L’Unité des enquêtes spéciales (« l’ UES » ou « l’Unité ») est un organisme civil d’application de la loi qui mène des enquêtes sur les incidents à l’origine de blessures graves, de décès ou d’allégations d’agressions sexuelles, dans lesquels des agents de police sont en cause. La compétence de l’Unité s’étend à plus de 50 corps de police municipaux, régionaux et provinciaux dans l’ensemble de l’Ontario.

En vertu de la Loi sur les services policiers, le directeur de l’ UES doit déterminer, d’après les preuves recueillies dans une enquête, si un agent a commis une infraction criminelle en rapport avec l’incident faisant l’objet de l’enquête. Si à la suite de l’enquête, il existe des motifs raisonnables de croire qu’une infraction a été commise, le directeur a le pouvoir de déposer un chef d’accusation à l’encontre de l’agent. Subsidiairement, s’il n’y a aucun motif raisonnable de croire qu’une infraction criminelle a été commise, le directeur ne dépose pas d’accusation, mais remet un rapport au procureur général pour l’informer des résultats de l’enquête.

Restrictions concernant la divulgation de renseignements

Loi sur l’accès à l’information et la protection de la vie privée (La « LAIPVP »)

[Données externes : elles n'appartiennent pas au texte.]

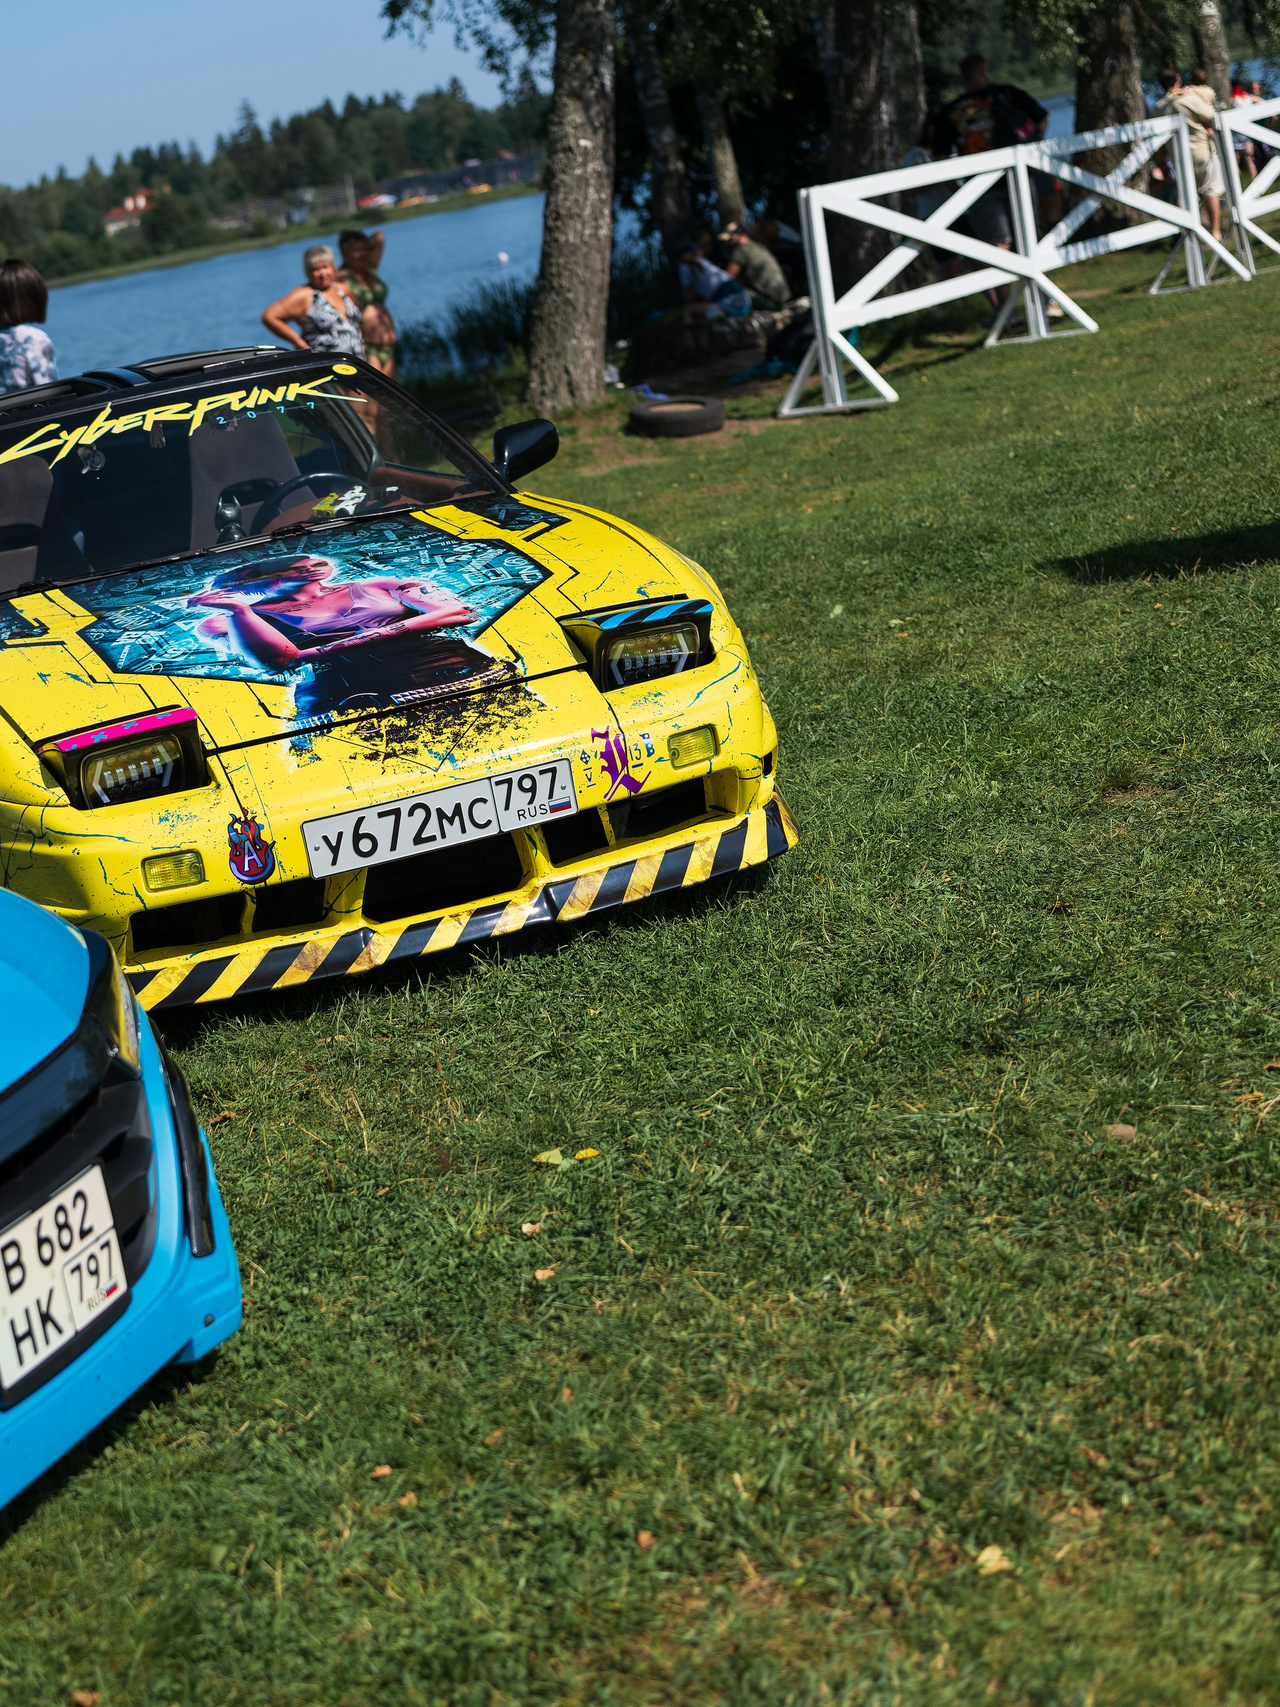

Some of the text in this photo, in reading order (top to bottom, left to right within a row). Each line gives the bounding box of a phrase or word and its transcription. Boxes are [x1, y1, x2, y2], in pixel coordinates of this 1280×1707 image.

[494, 766, 557, 811] 797
[516, 803, 549, 821] RUS
[0, 1189, 95, 1294] В 682
[70, 1240, 114, 1304] 797
[86, 1286, 108, 1312] RUS
[10, 1287, 63, 1366] НК

En vertu de l’article 14 de la LAIPVP (article relatif à l’application de la loi), certains renseignements peuvent être omis du présent rapport, notamment s’il est raisonnable de s’attendre à ce que leur divulgation ait pour effet, selon le cas :

  • de révéler des techniques et procédés d’enquête confidentiels utilisés par des organismes chargés de l’exécution de la loi;
  • de faire obstacle à une question qui concerne l’exécution de la loi ou à une enquête menée préalablement à une instance judiciaire.

En vertu de l’article 21 de la LAIPVP (article relatif à la vie privée), le présent rapport ne contient aucun renseignement personnel protégé, notamment :

  • le nom de tout agent impliqué
  • le nom de tout agent témoin
  • le nom de tout témoin civil
  • les renseignements sur le lieu de l’incident
  • les déclarations des témoins et les éléments de preuve qui ont été fournis à l’ UES à titre confidentiel dans le cadre de l’enquête
  • d’autres identifiants susceptibles de révéler des renseignements personnels sur les personnes concernées par l’enquête.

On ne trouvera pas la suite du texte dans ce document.